Country living has so many perks: you drink your water from a well; the air smells wonderful; there are tons of places to go swimming; traffic jams are unheard of; people only beep their car horns if they are saying hello; everyone stops for you if your car breaks down on the highway; neighbours give you cookies, cakes and other delectable goodies for Christmas; you go to a potluck supper somewhere at least once a month; friends bring you soup when you are sick; everyone says hello to you – everywhere you go – even teenagers (!); women at the country store call you ‘dear’ or ‘sweetheart’; you can watch wild deer from your living-room window; every summer, you get to see the resident eagle as she teaches a new brood of baby eaglets to fly and everyone stops for pedestrians, crosswalk or no crosswalk.
On the down side, everyone knows everybody’s business: there are no such things as secrets. If you plan to tell just one or two people a certain confidential tidbit about yourself, you might as well just put it on Facebook. The entire community will find out anyway. Oh, and all those delectable goodies our neighbours have been delivering (made with real cream, lots of sugar and TONS of butter, of course) do catch up with you – something you never seem to notice until the first hot day of late spring when you are finally forced to dig out your summer clothes, only to discover that not even God Himself is going to help you attach your pants or button your top.
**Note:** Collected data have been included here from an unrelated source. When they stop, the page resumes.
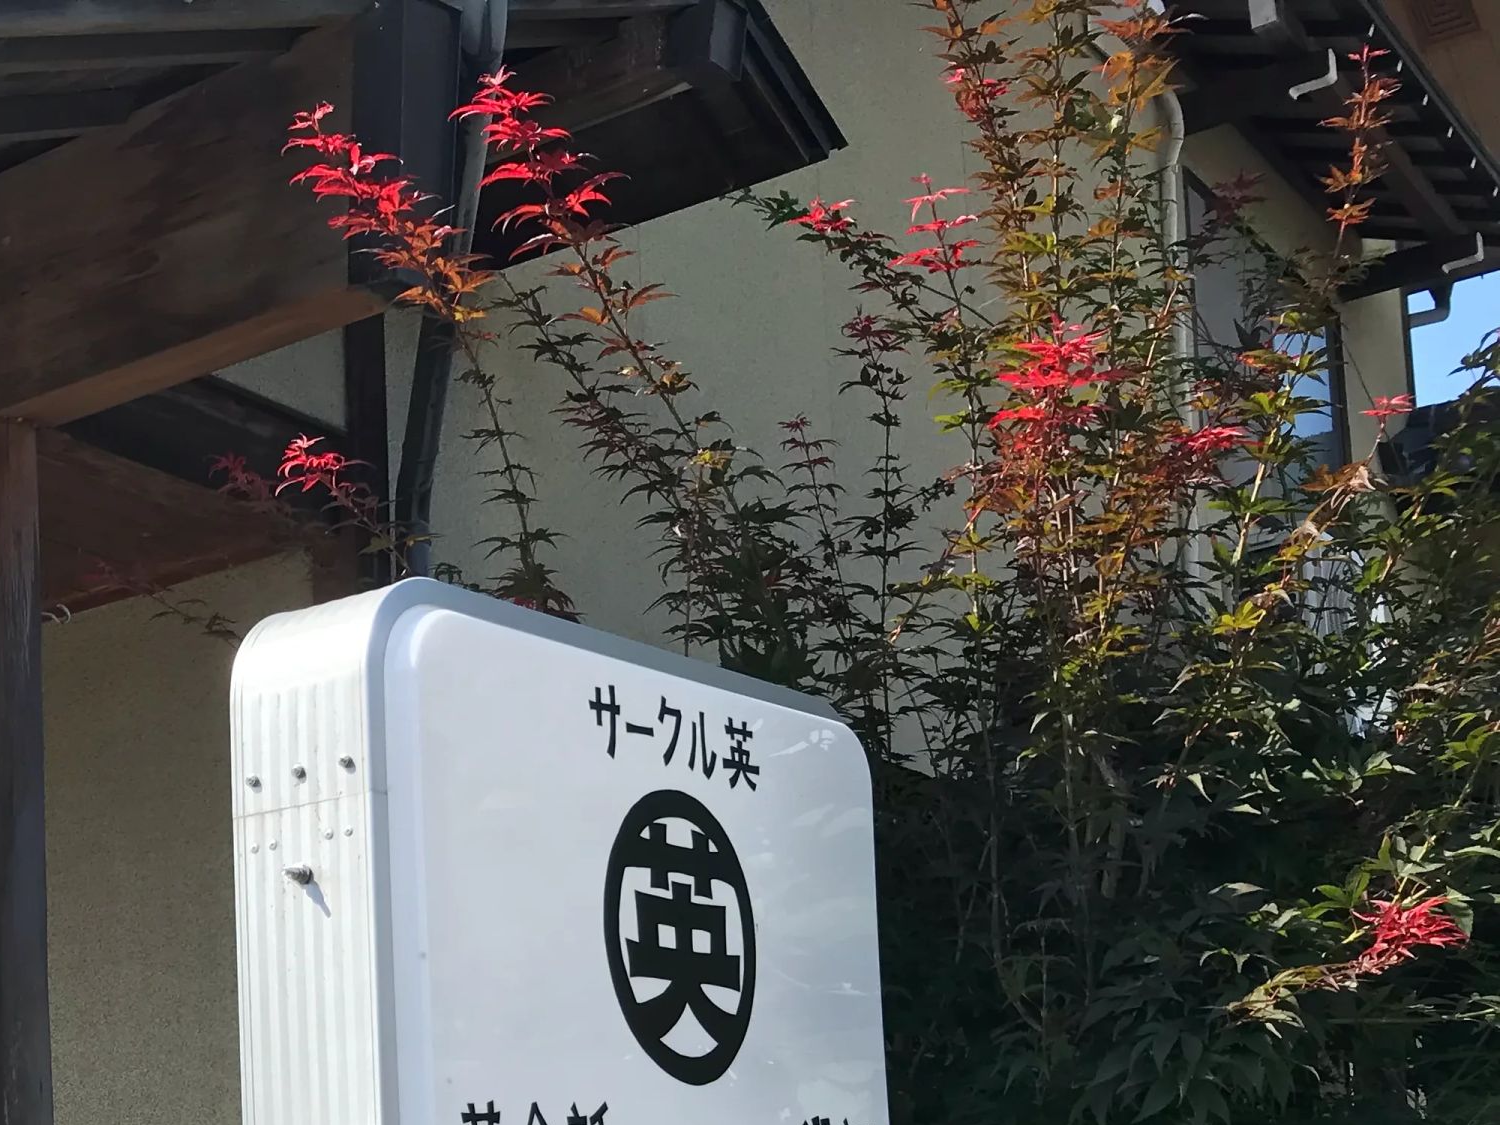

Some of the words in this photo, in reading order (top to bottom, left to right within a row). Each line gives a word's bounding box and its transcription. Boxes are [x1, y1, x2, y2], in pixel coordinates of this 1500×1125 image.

[588, 684, 761, 793] サークル英
[611, 812, 750, 1064] 英
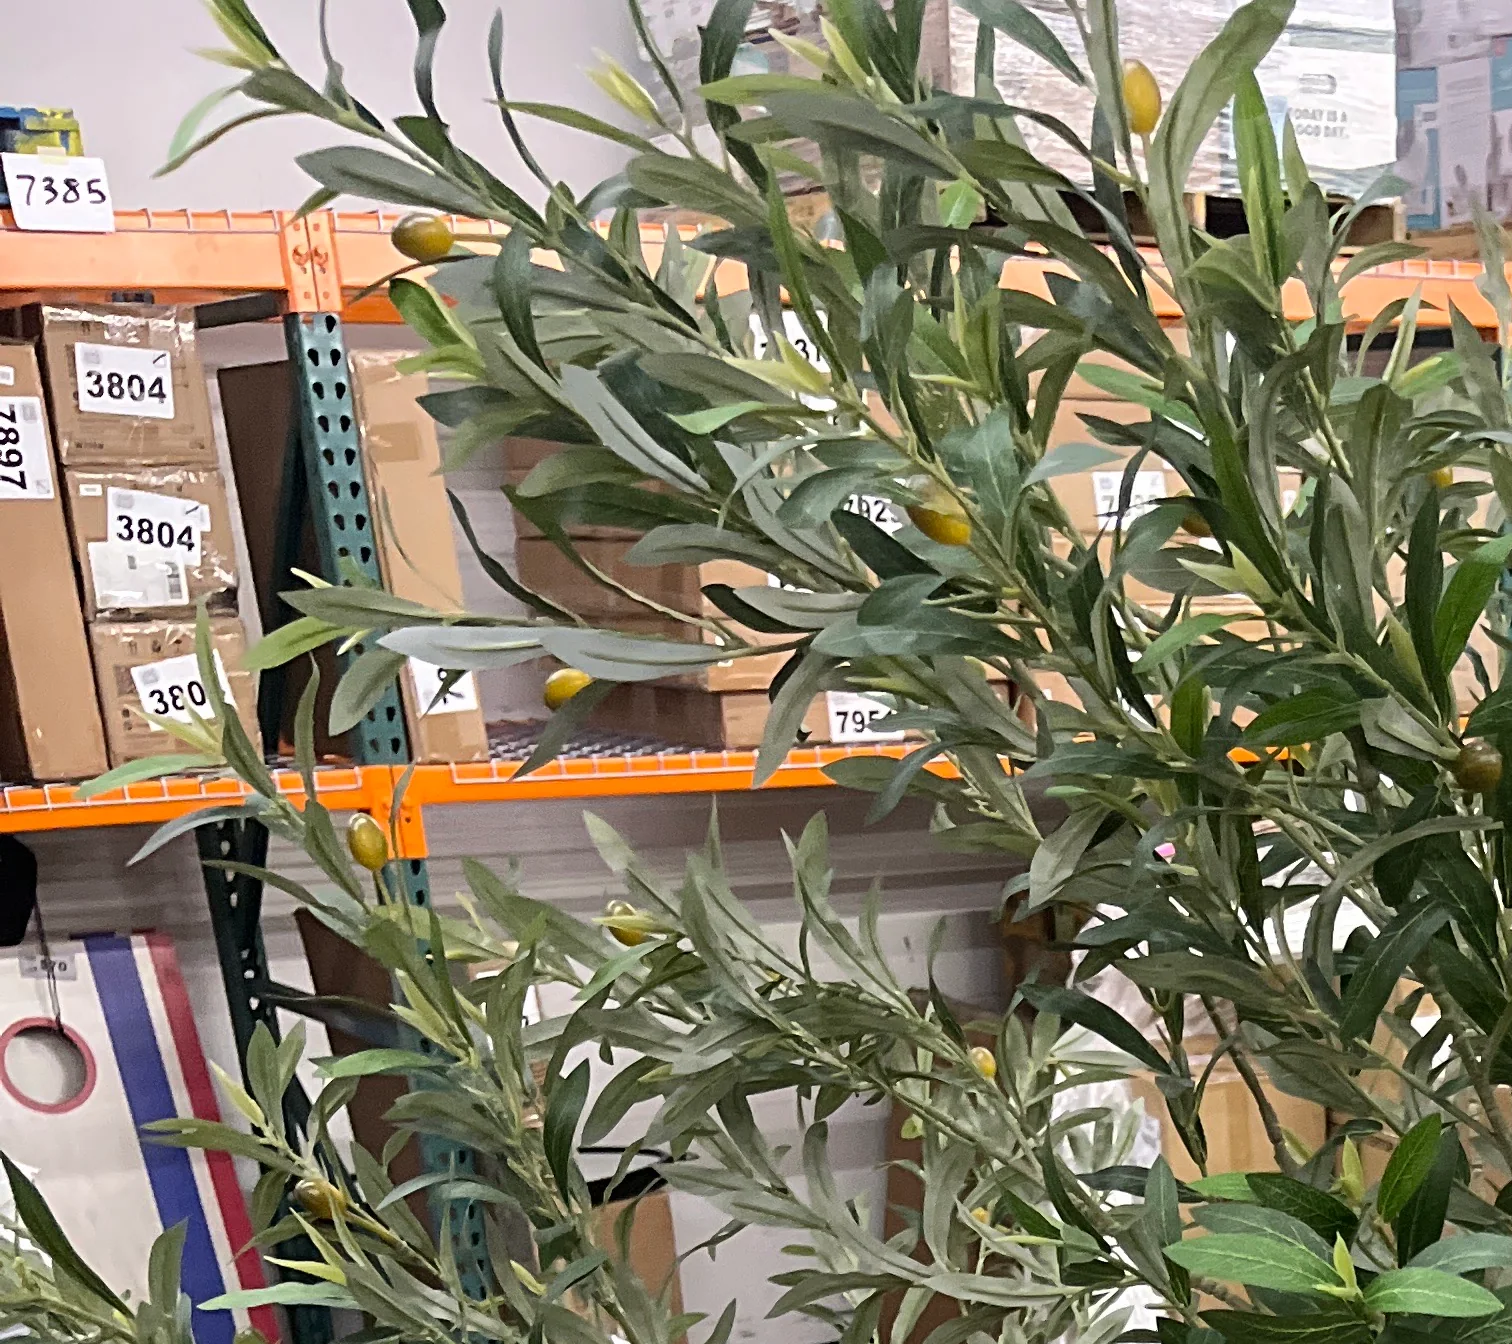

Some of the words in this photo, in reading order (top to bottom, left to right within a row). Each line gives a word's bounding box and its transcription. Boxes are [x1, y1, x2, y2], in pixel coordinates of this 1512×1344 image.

[16, 173, 107, 205] 7385
[85, 370, 167, 405] 3804
[0, 403, 28, 491] 7897
[116, 514, 196, 552] 3804
[148, 680, 207, 715] 380
And then there are spiders – lots and lots of spiders. When I was living in the city, I was hard-pressed to see so much as a mosquito. I have come to believe that I rarely saw insects in the city because they all lived here – in the little country village I now call home. On the bright side, while some of our spiders are impressive in size, I have yet to see a wolf spider that is ‘bigger than a golf ball’. I am assured that such monsters are permanent fixtures in our neighbours’ barn, however, should I feel the desire to come and take a peek (thus far, I have declined). I could barely sit outside the first summer we arrived. No matter how much I swept away the cobwebs on our front porch, they had all been built up again by the next morning. It wasn’t until I discovered that the spiders were actually feasting on all the other insects that make the country their home that I finally declared a truce. I have never seen so many flies, beetles and other creepy crawly thingies for which I have no names.
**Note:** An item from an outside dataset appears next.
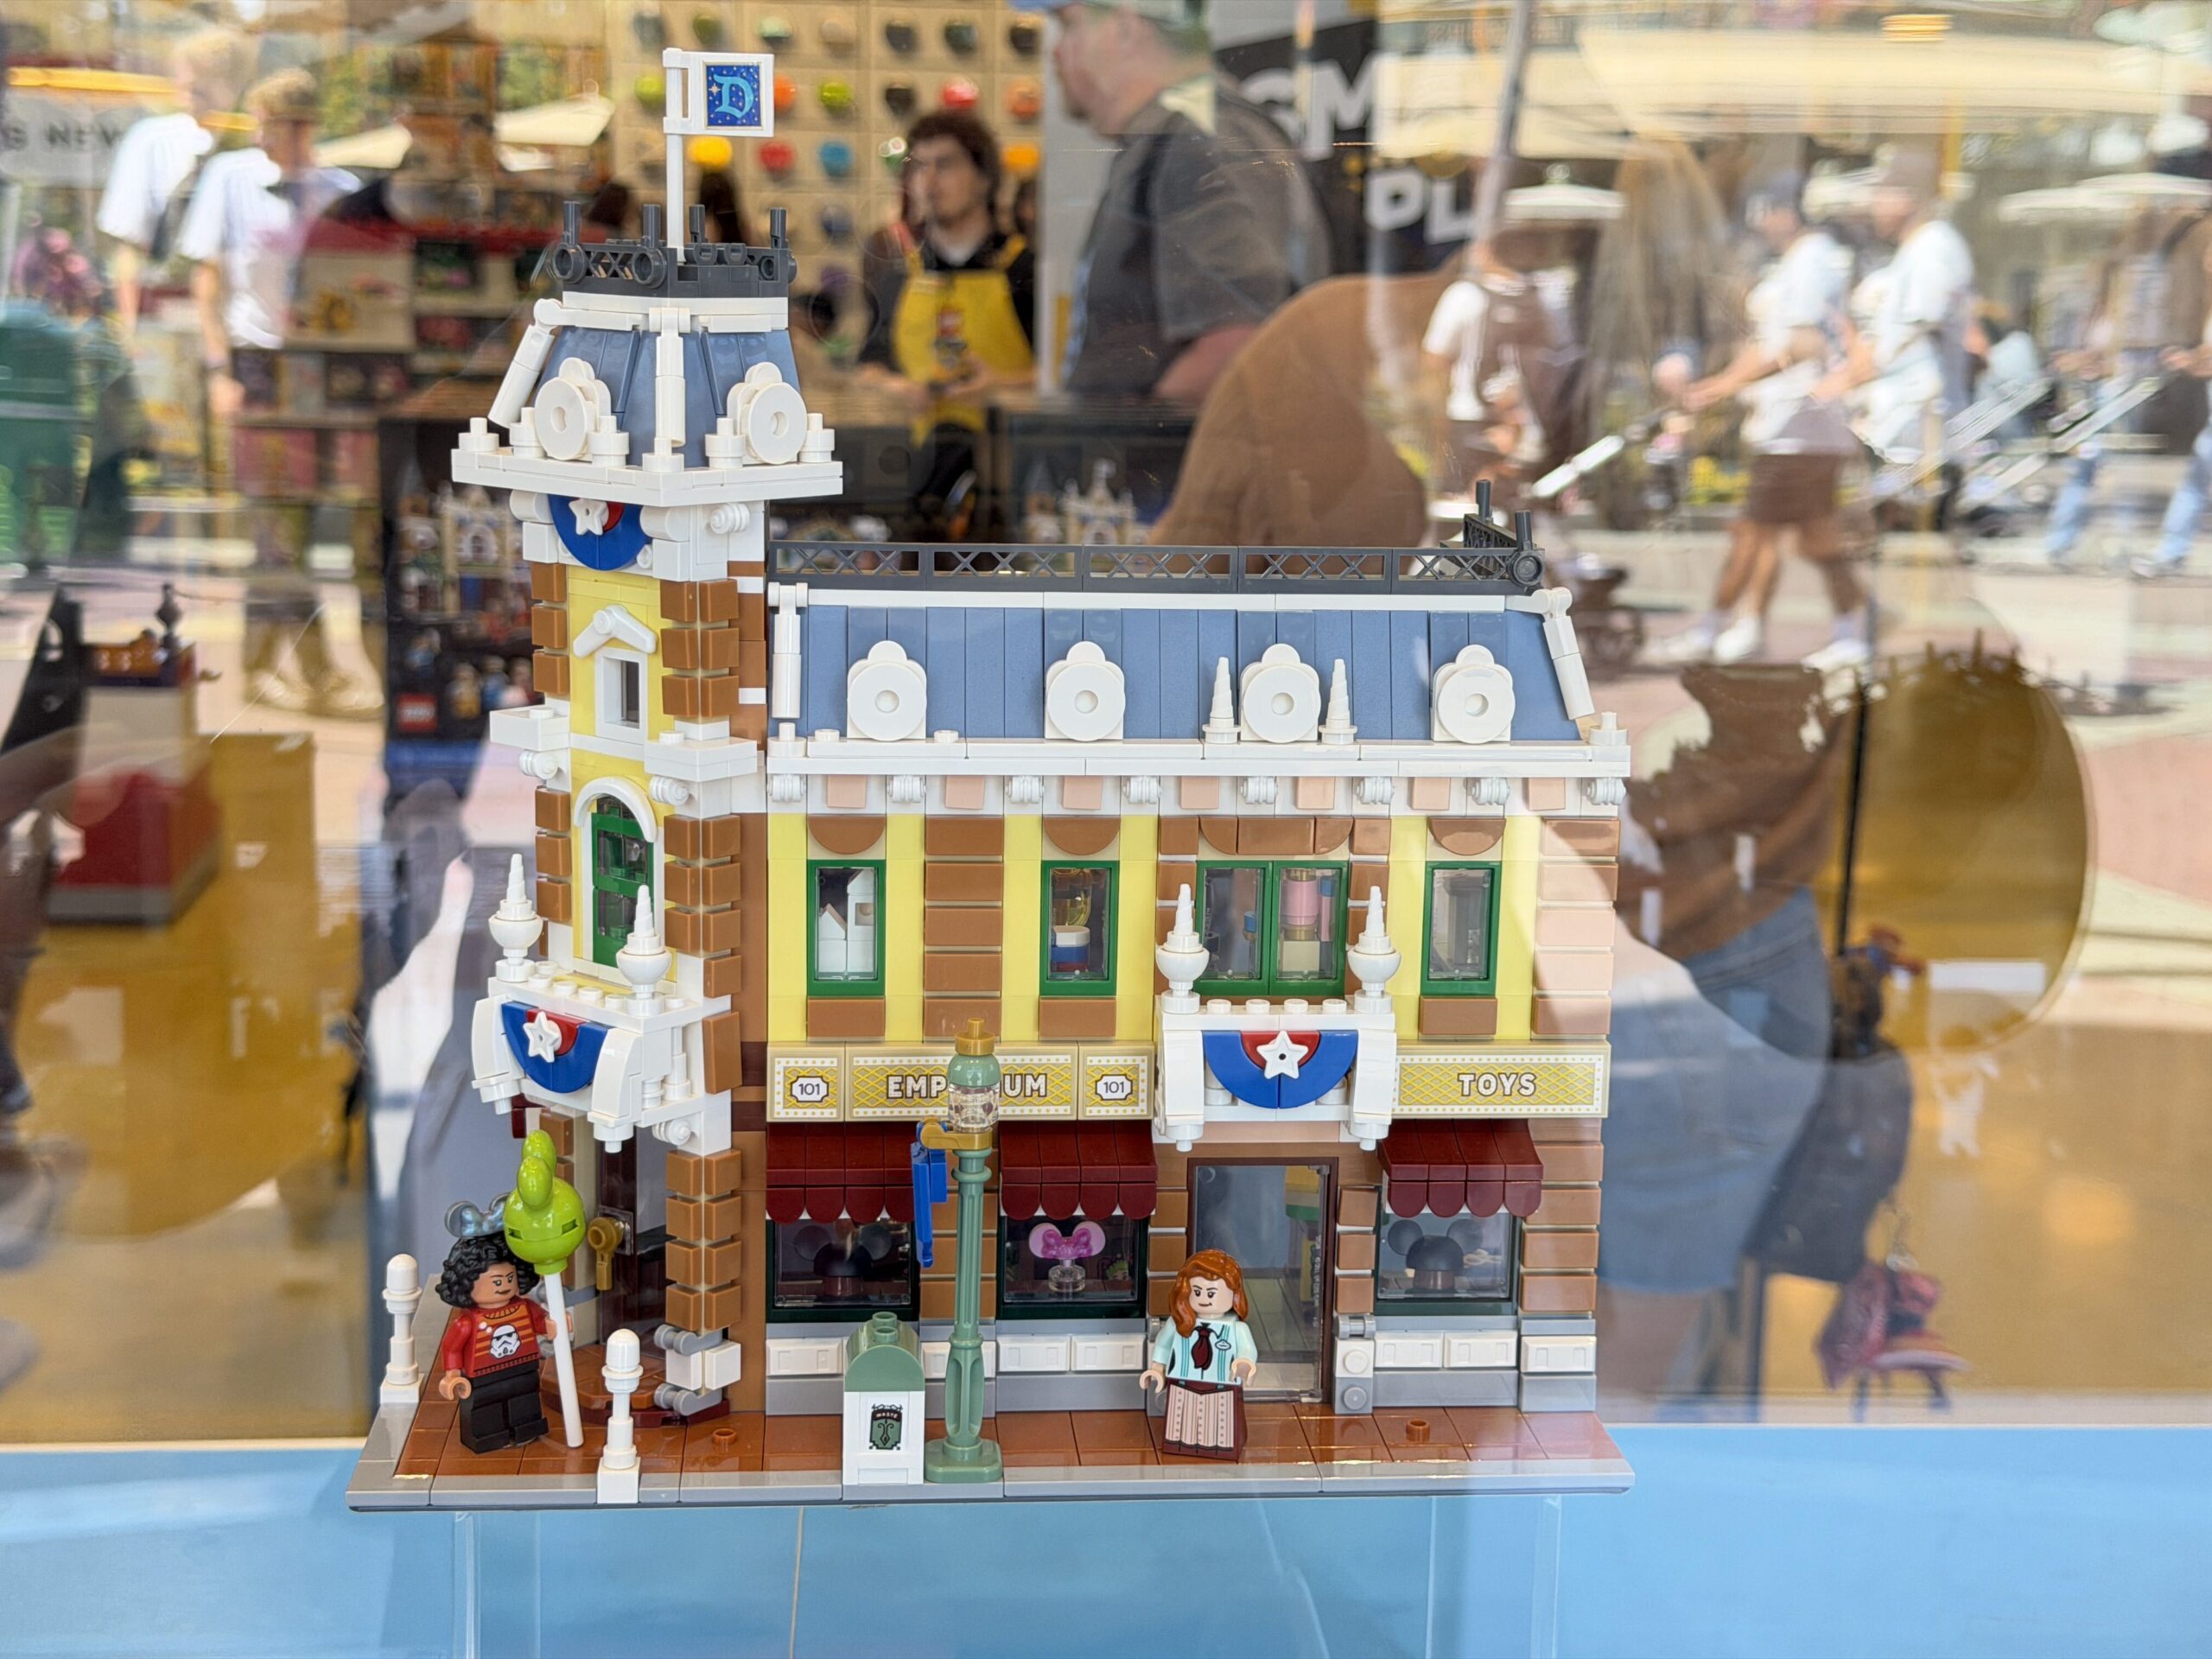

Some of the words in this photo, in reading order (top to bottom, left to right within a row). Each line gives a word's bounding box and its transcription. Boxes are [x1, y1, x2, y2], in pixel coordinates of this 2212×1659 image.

I knew that I graduated to the complete acceptance of our arachnid neighbours this past winter. I dubbed a little spider that had taken up permanent residence in our bathroom, ‘Fred’. And I named the spider that called our bedroom his home ‘George’. Both Fred and George were kind enough to mostly stay in one place (so I usually knew where they were) and I figured that if they were alive – in my home – in the dead of winter, they were feasting on something (and probably a great many somethings) that I really didn’t want in my home either.
In other words, I have picked my battles. Yesterday, I spotted a tiny little spider by our bathroom window (I immediately named him Joey). ‘Fred’, it seems, was really ‘Frederica’ all along. And I know it is highly unlikely that little Joey was an only child. In a few weeks, I’ll open the windows in the hopes that Joey and his tiny little siblings will make their way outside where they can keep our balcony relatively bug-free this summer.
I’ll leave Frederica and George where they are. They’ve done a fine job all winter. I figure they’ve earned their place in the family hierarchy…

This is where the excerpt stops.